How is Big Foot so good at rock climbing?
He always finds the biggest footholds.
What is a baby sasquatch's favorite toy?
His Yeti Bear!
What do you call it when the Bigfoot in charge makes pasta for all the others?
Alpha Yeti Spaghetti!
Yetis have declared their own independent state in the Himalayas.
It's an abomi-nation.
In the night, a visitor came past my igloo. It was a yeti!
Not sure who left the other cooler, but thanks!

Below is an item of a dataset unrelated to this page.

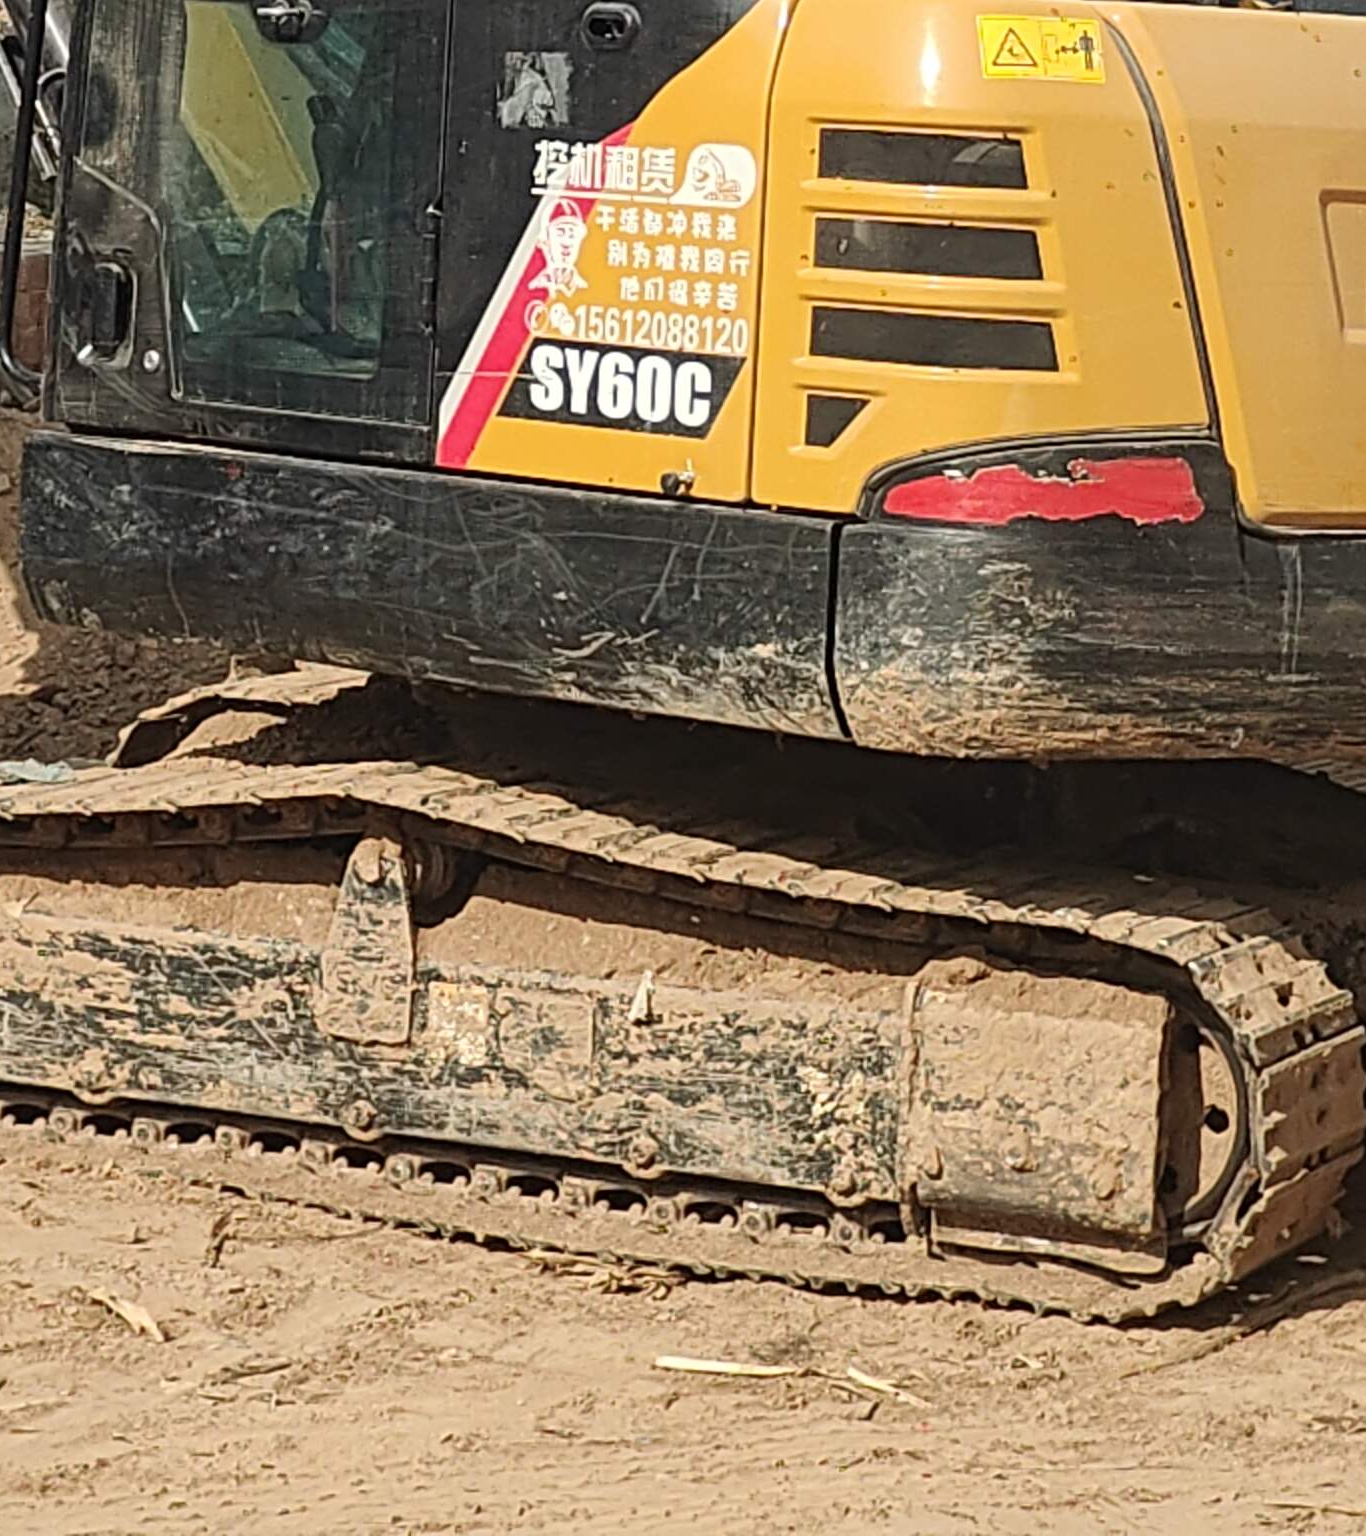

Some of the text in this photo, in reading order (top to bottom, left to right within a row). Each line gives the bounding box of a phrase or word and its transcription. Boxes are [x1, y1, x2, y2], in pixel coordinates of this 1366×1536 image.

[533, 140, 676, 194] 挖机租赁
[595, 205, 737, 242] 干活都冲我来
[576, 304, 748, 354] 15612088120
[530, 344, 712, 427] SY60C

Sasquatch often gets mistaken for Bigfoot.
Yeti never complains.
Scientists believe that one day we will find Sasquatch, just...
Not Yeti.
Who is a Yeti's favorite Dracula actor?
Christobrr Lee.
What do you call a yeti with a sixpack?
The abdominable snowman.
What do you call a sketchy looking Bigfoot?
A Susquatch.
What does Bigfoot do to relax in his spare time?
He goes bird squatching!
Are sasquatches superstitious?
Yes, they always knock on wood!
How do Yetis tell the time?
With a sasq-watch.
I've always wondered if it was easy to catch Bigfoot...
I was relieved when my doctor told me it wasn't a disease.

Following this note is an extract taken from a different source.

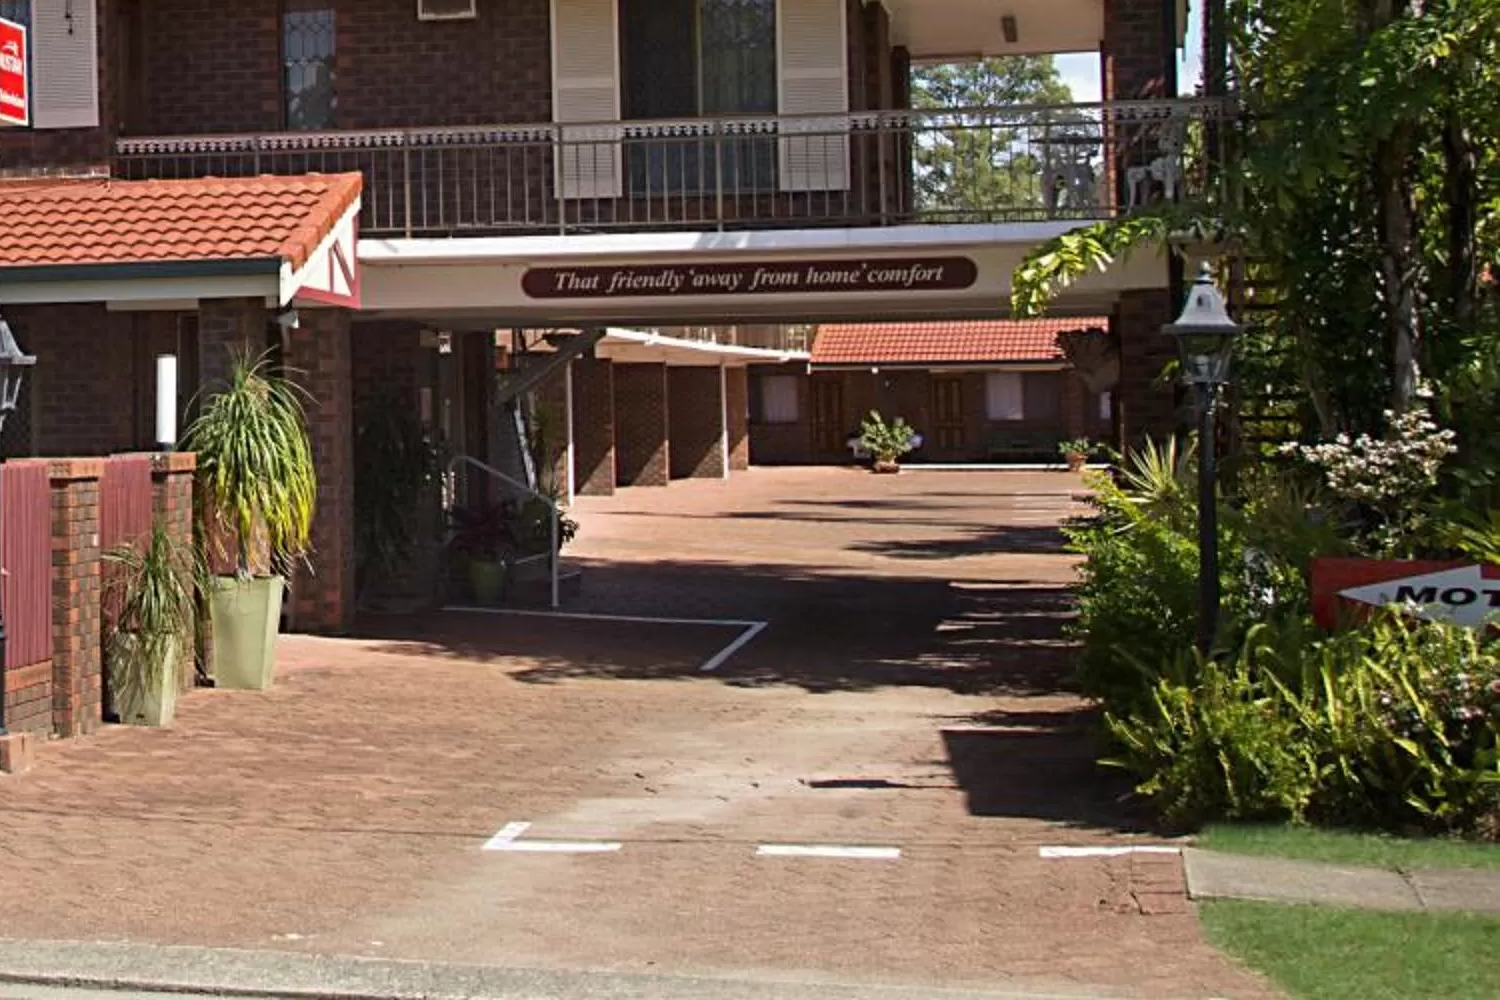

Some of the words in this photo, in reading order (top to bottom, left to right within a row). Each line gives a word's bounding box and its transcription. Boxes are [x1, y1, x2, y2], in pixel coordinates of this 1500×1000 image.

Big Foot has been spotted throwing tantrums and talking back to his parents.
No wonder they call him the Sassquatch.
Where do Yetis go to dance?
To a snow ball.
What do you call a Yeti Gardener?
A hairy potter.
A barber, a hairdresser, and Bigfoot walk into a bar...
You know what...I'm gonna shave this joke for another time.
What do they call Bigfoot in Europe?
Bigmeter.
Has the abominable snowman called?
Not Yeti.
Hear about the race between the Yeti and the Sasquatch?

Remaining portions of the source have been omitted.